L'histoire des femmes au Sénat en France se rapporte à l'émancipation des femmes dans la vie politique sénatoriale française et, depuis 1945, leur participation aux élections au Sénat, par le vote et l'arrivée de nombreuses sénatrices (plus de 35 % en 2021).
Le 5 mars 1848 est publié un décret qui proclame dans son article 5 que « le suffrage sera direct et universel ». Aucune mention n'est faite sur la distinction par sexe, si ce n'est la mention « Tous les Français âgés de vingt-et-un ans »[2]. Jeanne Deroin se porte candidate aux élections législatives françaises du 13 mai 1849, mais sa campagne est tournée en dérision par la presse et elle doit s'exiler en Angleterre à la fin de la Deuxième République.

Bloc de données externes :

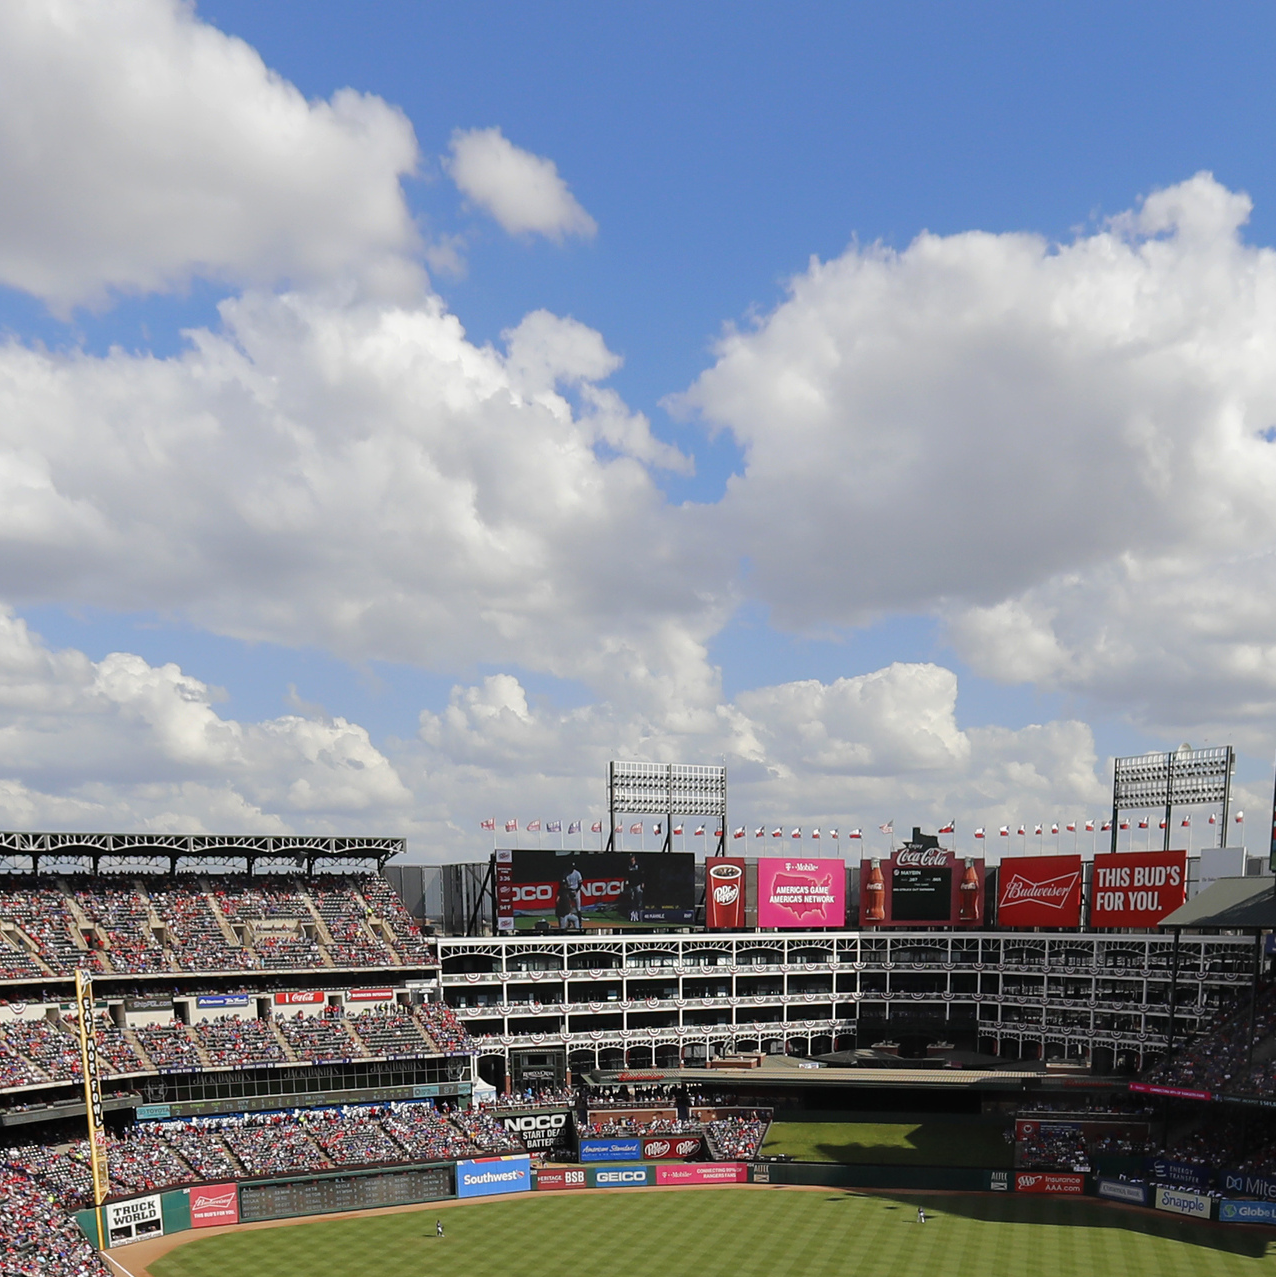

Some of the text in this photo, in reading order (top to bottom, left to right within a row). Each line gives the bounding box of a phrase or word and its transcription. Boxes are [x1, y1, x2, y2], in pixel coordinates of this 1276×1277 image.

Au début du XXe siècle, plusieurs propositions de loi visent à accorder le droit de vote aux femmes. Le député de Vendée Fernand Gautret présente un projet le 14 juillet 1901 à la Chambre des députés afin que toutes les femmes, « majeures, célibataires, veuves ou divorcées » obtiennent droit de vote aux élections municipales. Jusqu'à l'aube de la Seconde Guerre mondiale, une soixantaine de propositions sont déposés à la Chambre, mais la question de l'éligibilité ne représente que 40 % des projets de loi. Paul Dussaussoy, député du Pas-de-Calais, présente, en juillet 1906, un projet de loi accordant le droit de vote aux femmes dans le cadre de ce qu'on appelle alors le petit suffrage, limité aux élections municipales et cantonales. Mais il faut attendre trois ans pour que le rapporteur, Ferdinand Buisson, député de la Seine, rédige un rapport de 420 pages, rendant un avis favorable. Cependant, avec la Première Guerre mondiale, le projet est abandonné. De 1919 à 1936, plusieurs lois sont adoptées par la Chambre des députés mais, par cinq fois, le Sénat s'y oppose. En 1927 et 1932, à une écrasante majorité, la Chambre adopte deux résolutions invitant le gouvernement à user de son influence auprès du Sénat pour que ces projets soient examinés. En vain. Le 30 juillet 1936, les députés votent par 495 voix contre 0 en faveur du droit de vote des femmes, un texte que le Sénat n'inscrira jamais à son ordre du jour.
Après la déclaration du général de Gaulle du 23 juin 1942 par laquelle il affirme que « tous les hommes et toutes les femmes éliront l'Assemblée nationale », Marthe Simard et Lucie Aubrac sont nommées membres de l'Assemblée consultative provisoire d'Alger[3]. C'est cette même Assemblée, réunie à Paris, qui adopte par 51 voix contre 16, le 24 mars 1944 l'amendement Fernand Grenier instaurant le vote des femmes, à travers l'ordonnance du 21 avril 1944.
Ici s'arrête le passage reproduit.